◆ Task instructions
Copy out the listing below exactly, please, and skip any pictures.

◆ Data extracts
——

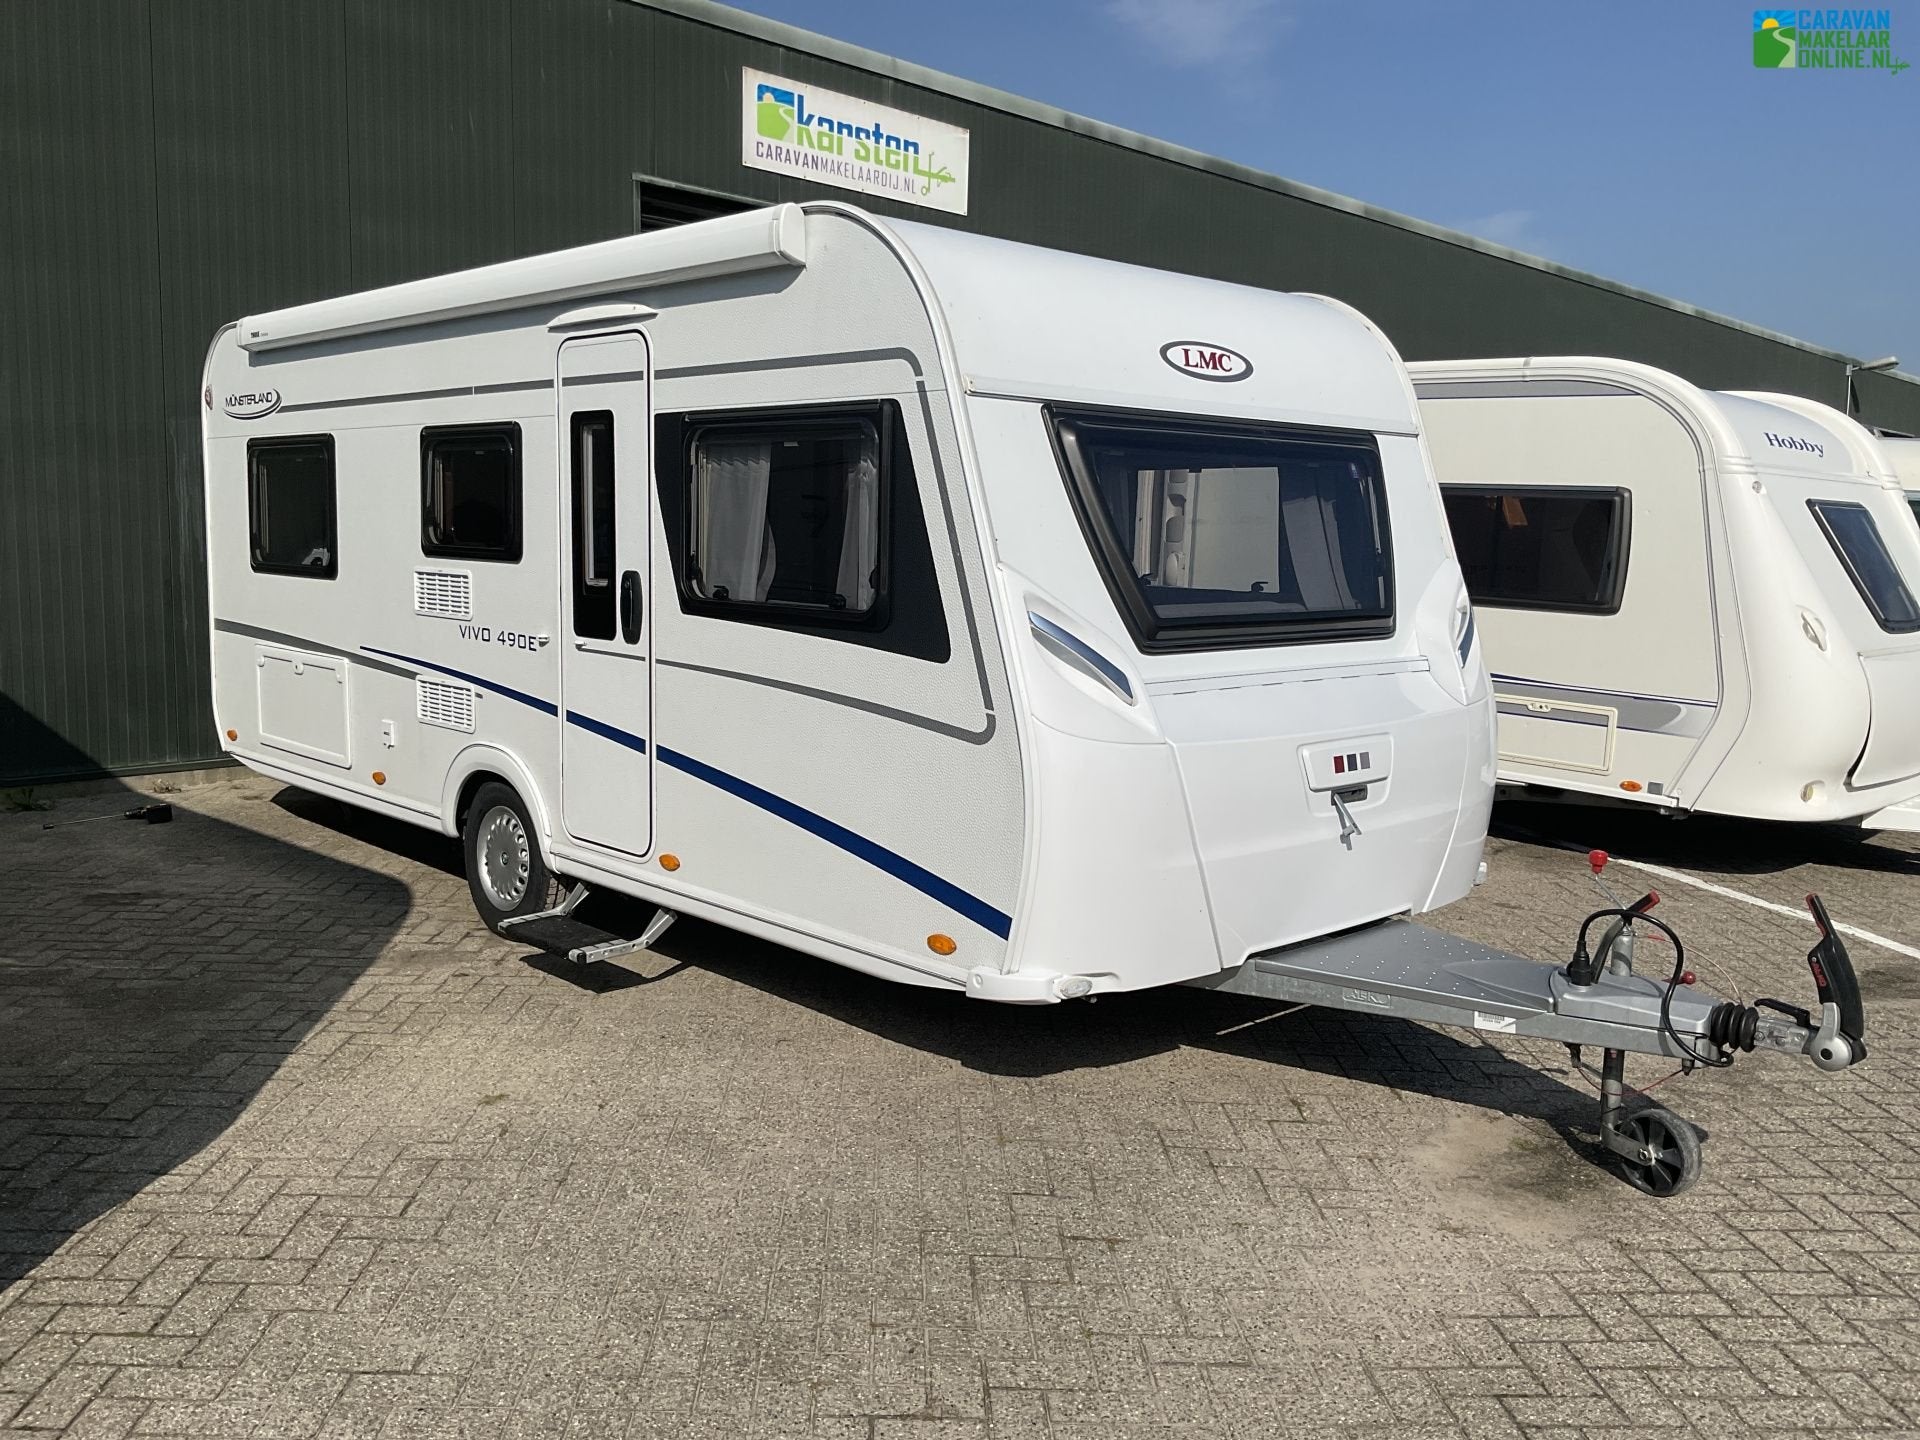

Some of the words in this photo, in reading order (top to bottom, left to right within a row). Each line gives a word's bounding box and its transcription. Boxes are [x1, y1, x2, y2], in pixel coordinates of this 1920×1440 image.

[797, 94, 921, 174] karsten
[756, 141, 916, 194] CARAVANMAKELAARDIJ.NL
[1181, 348, 1232, 372] LMC
[225, 392, 272, 407] MÜNSTERLAND
[1763, 432, 1824, 457] Hobby
[459, 625, 491, 642] VIVO
[497, 631, 537, 651] 490E
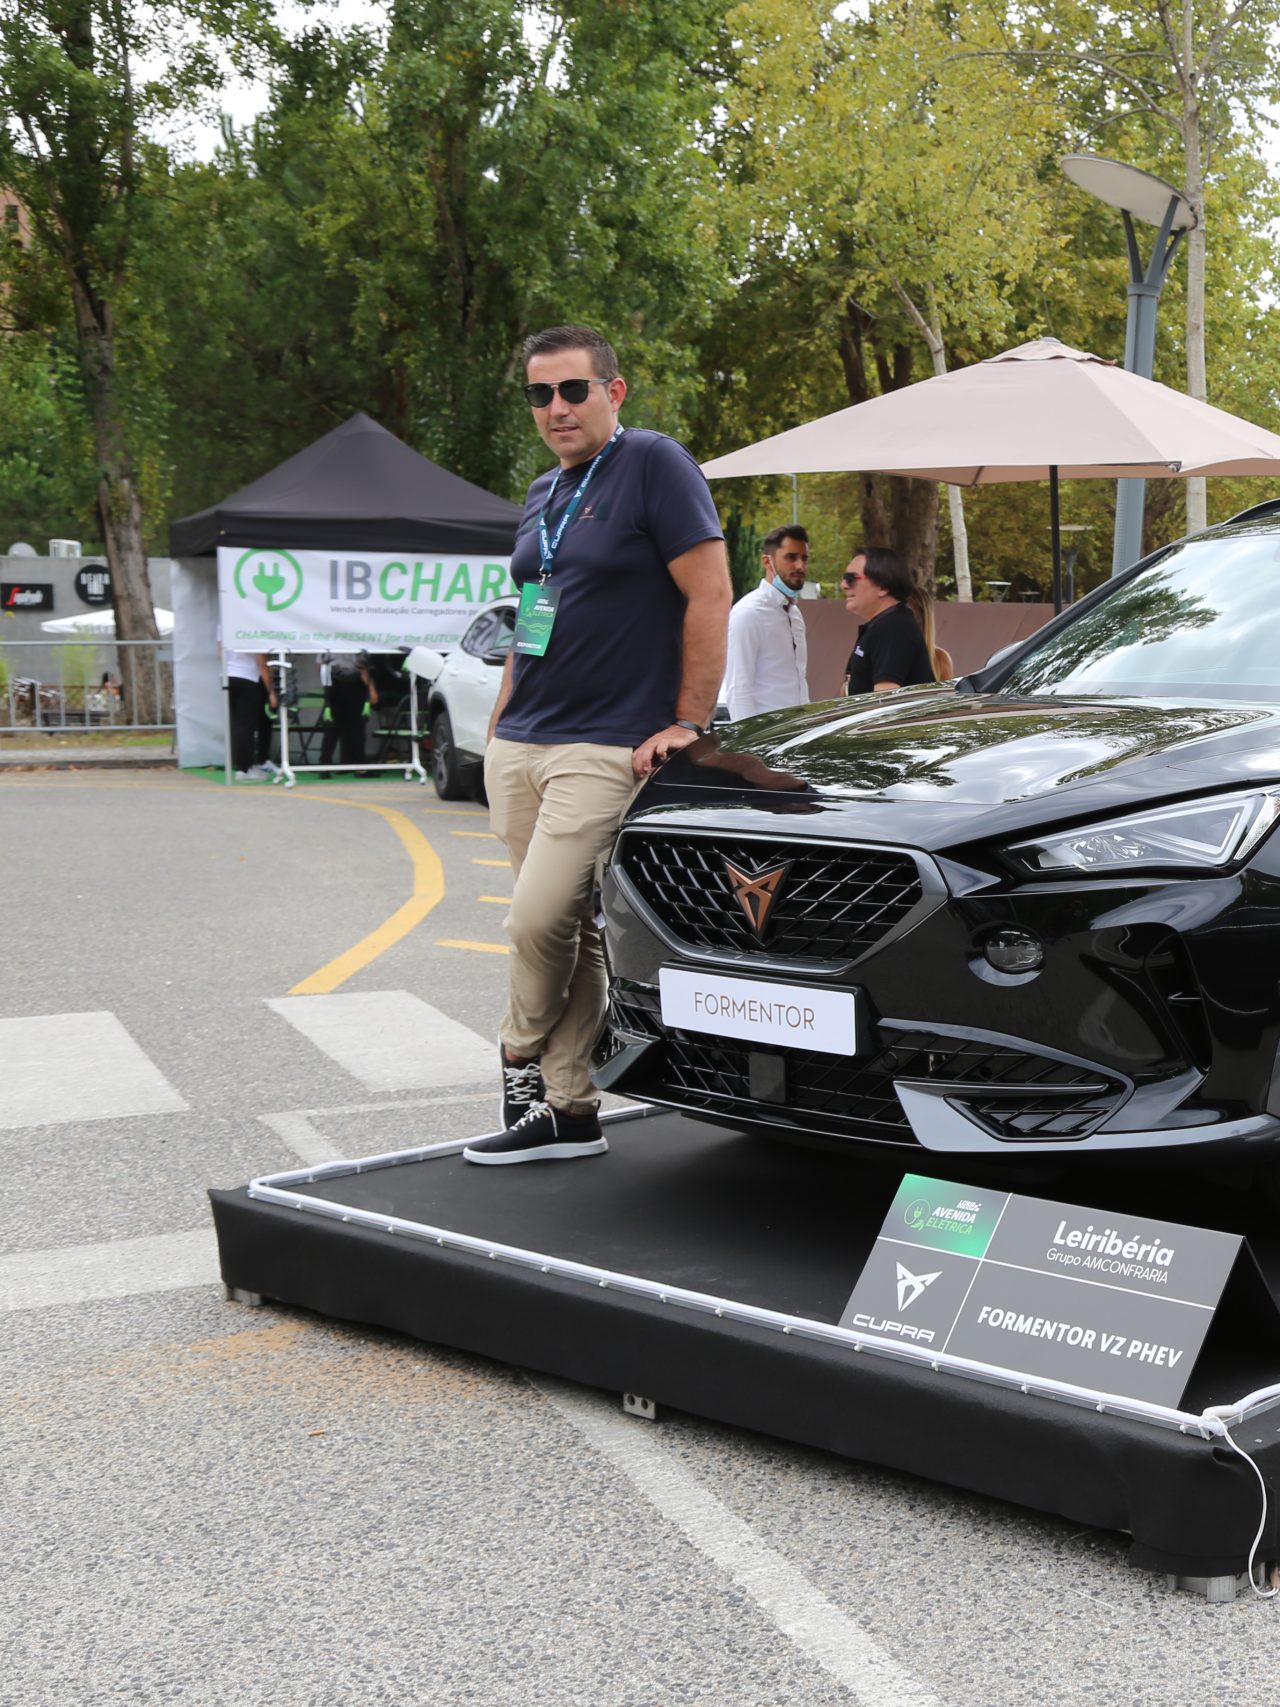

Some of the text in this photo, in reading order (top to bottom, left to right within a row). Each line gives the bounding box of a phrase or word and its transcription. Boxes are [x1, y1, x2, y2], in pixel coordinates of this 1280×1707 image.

[551, 513, 571, 549] CUPRA
[329, 559, 521, 602] IBCHAR
[330, 605, 357, 614] Venda
[234, 630, 297, 641] CHARGING
[313, 632, 332, 641] the
[334, 632, 384, 643] PRESENT
[384, 633, 401, 644] for
[403, 634, 422, 643] the
[694, 991, 815, 1031] FORMENTOR
[931, 1206, 977, 1224] AVENIDA
[1052, 1220, 1175, 1267] Leiribéria
[1046, 1247, 1169, 1284] Grupo AMCONFRARIA
[852, 1313, 936, 1343] CUPRA
[977, 1305, 1184, 1368] FORMENTOR VZ PHEV
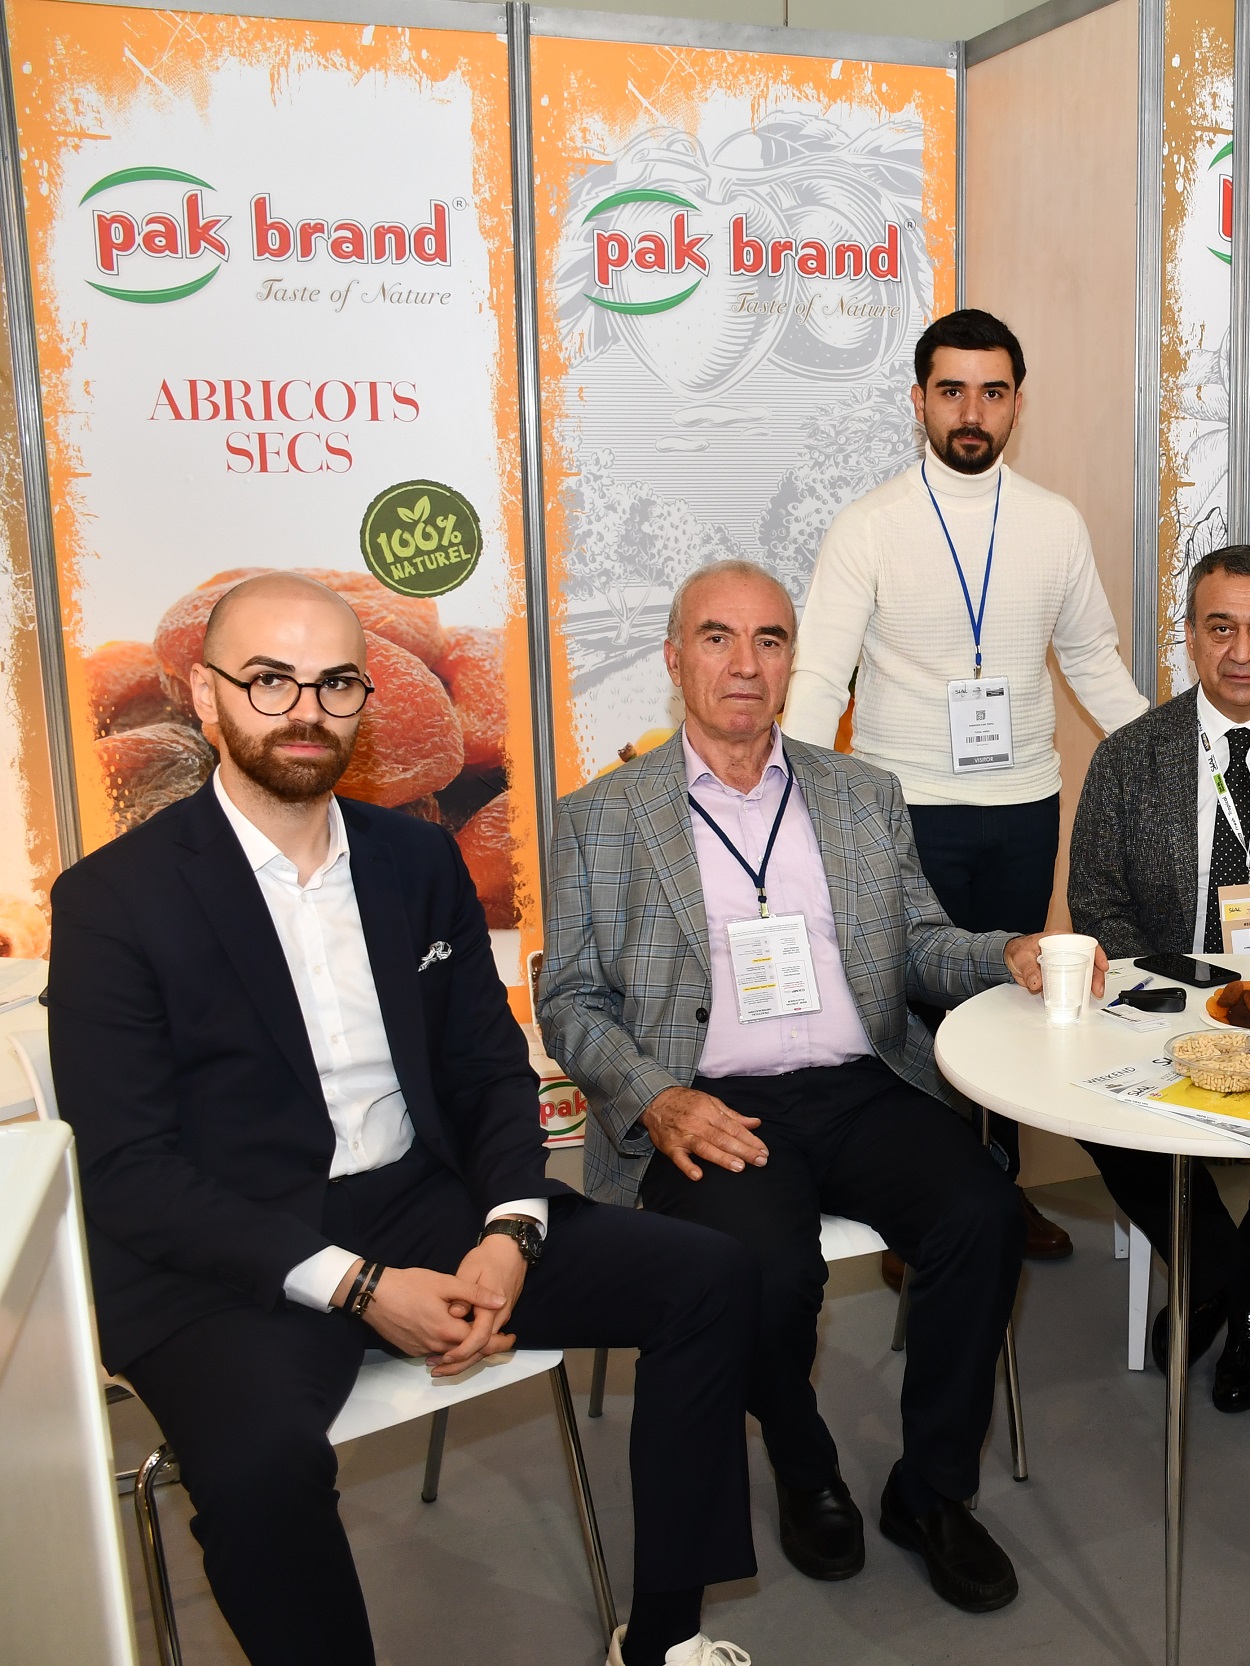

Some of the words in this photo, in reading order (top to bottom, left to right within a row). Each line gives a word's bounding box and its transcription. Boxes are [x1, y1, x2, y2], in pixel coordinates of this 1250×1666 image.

[92, 189, 231, 275] pak
[251, 193, 451, 266] brand
[593, 210, 713, 289] pak
[729, 213, 901, 283] brand
[256, 278, 319, 303] Taste
[330, 280, 359, 313] of
[361, 282, 451, 305] Nature
[731, 292, 787, 315] Taste
[795, 294, 821, 324] of
[822, 295, 901, 319] Nature
[147, 378, 420, 422] ABRICOTS
[226, 431, 353, 473] SECS
[377, 513, 462, 564] 100%
[390, 545, 471, 580] NATUREL
[974, 756, 994, 764] VISITOR
[1082, 1066, 1136, 1084] WEEKEND

——

◆ Your solution
Some of the words in this photo, in reading order (top to bottom, left to right within a row). Each line gives a word's bounding box and its transcription. Boxes are [x1, y1, x2, y2], in pixel coordinates of this 1920×1440 image.

[797, 94, 921, 174] karsten
[756, 141, 916, 194] CARAVANMAKELAARDIJ.NL
[1181, 348, 1232, 372] LMC
[225, 392, 272, 407] MÜNSTERLAND
[1763, 432, 1824, 457] Hobby
[459, 625, 491, 642] VIVO
[497, 631, 537, 651] 490E

Some of the text in this photo, in reading order (top to bottom, left to right within a row). Each line gives the bounding box of a phrase or word and its transcription. Boxes are [x1, y1, x2, y2], in pixel coordinates of this 1280×1707 image.

[551, 513, 571, 549] CUPRA
[329, 559, 521, 602] IBCHAR
[330, 605, 357, 614] Venda
[234, 630, 297, 641] CHARGING
[313, 632, 332, 641] the
[334, 632, 384, 643] PRESENT
[384, 633, 401, 644] for
[403, 634, 422, 643] the
[694, 991, 815, 1031] FORMENTOR
[931, 1206, 977, 1224] AVENIDA
[1052, 1220, 1175, 1267] Leiribéria
[1046, 1247, 1169, 1284] Grupo AMCONFRARIA
[852, 1313, 936, 1343] CUPRA
[977, 1305, 1184, 1368] FORMENTOR VZ PHEV

Some of the words in this photo, in reading order (top to bottom, left to right within a row). Each line gives a word's bounding box and its transcription. Boxes are [x1, y1, x2, y2], in pixel coordinates of this 1250×1666 image.

[92, 189, 231, 275] pak
[251, 193, 451, 266] brand
[593, 210, 713, 289] pak
[729, 213, 901, 283] brand
[256, 278, 319, 303] Taste
[330, 280, 359, 313] of
[361, 282, 451, 305] Nature
[731, 292, 787, 315] Taste
[795, 294, 821, 324] of
[822, 295, 901, 319] Nature
[147, 378, 420, 422] ABRICOTS
[226, 431, 353, 473] SECS
[377, 513, 462, 564] 100%
[390, 545, 471, 580] NATUREL
[974, 756, 994, 764] VISITOR
[1082, 1066, 1136, 1084] WEEKEND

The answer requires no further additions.